Theory of Curriculum Learning, with Convex Loss Functions
This work provides foundational theoretical insights into curriculum learning for machine learning researchers, addressing a long-standing gap in understanding its mechanisms in convex settings.
The paper tackles the lack of theoretical analysis for curriculum learning by formulating an ideal difficulty score based on the loss of the optimal hypothesis and analyzing its impact on convergence rates in convex problems like linear regression and binary classification. It shows that the expected convergence rate decreases monotonically with this score, aligning with empirical results, and reconciles curriculum learning with hard data mining heuristics.
Curriculum Learning - the idea of teaching by gradually exposing the learner to examples in a meaningful order, from easy to hard, has been investigated in the context of machine learning long ago. Although methods based on this concept have been empirically shown to improve performance of several learning algorithms, no theoretical analysis has been provided even for simple cases. To address this shortfall, we start by formulating an ideal definition of difficulty score - the loss of the optimal hypothesis at a given datapoint. We analyze the possible contribution of curriculum learning based on this score in two convex problems - linear regression, and binary classification by hinge loss minimization.

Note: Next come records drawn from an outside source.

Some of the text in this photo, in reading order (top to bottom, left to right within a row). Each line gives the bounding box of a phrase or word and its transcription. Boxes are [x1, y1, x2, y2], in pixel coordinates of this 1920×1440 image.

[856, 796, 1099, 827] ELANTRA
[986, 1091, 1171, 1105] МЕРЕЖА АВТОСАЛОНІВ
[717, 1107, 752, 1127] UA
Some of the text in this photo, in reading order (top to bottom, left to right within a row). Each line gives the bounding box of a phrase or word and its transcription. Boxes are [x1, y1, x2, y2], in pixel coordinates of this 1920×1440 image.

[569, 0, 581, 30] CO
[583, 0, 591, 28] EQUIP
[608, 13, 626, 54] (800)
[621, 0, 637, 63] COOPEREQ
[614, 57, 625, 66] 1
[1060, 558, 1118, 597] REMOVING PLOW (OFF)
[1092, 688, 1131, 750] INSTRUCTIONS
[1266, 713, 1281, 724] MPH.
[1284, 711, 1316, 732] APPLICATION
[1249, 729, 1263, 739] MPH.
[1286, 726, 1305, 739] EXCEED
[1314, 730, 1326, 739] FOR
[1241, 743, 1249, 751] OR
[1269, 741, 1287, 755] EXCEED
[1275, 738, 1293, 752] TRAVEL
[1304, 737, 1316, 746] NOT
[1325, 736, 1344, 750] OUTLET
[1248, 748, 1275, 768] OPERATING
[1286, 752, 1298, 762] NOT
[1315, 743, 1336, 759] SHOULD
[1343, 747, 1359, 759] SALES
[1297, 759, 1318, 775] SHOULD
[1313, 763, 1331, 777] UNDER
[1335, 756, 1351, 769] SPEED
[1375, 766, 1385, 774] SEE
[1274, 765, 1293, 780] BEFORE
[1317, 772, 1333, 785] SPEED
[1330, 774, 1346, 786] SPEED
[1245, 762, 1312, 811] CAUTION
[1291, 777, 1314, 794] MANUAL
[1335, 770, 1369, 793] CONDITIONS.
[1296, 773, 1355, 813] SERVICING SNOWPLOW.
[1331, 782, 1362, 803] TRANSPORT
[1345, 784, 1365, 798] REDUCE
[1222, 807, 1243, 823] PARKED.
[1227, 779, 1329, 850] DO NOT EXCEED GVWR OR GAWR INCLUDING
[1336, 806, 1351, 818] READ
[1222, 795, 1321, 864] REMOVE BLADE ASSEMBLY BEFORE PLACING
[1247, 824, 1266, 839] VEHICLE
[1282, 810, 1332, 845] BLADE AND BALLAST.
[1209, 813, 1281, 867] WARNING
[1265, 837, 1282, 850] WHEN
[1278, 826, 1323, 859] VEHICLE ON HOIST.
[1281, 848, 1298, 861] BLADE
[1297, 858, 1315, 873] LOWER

We show that in both cases, the expected convergence rate decreases monotonically with the ideal difficulty score, in accordance with earlier empirical results. We also prove that when the ideal difficulty score is fixed, the convergence rate is monotonically increasing with respect to the loss of the current hypothesis at each point. We discuss how these results bring to term two apparently contradicting heuristics: curriculum learning on the one hand, and hard data mining on the other.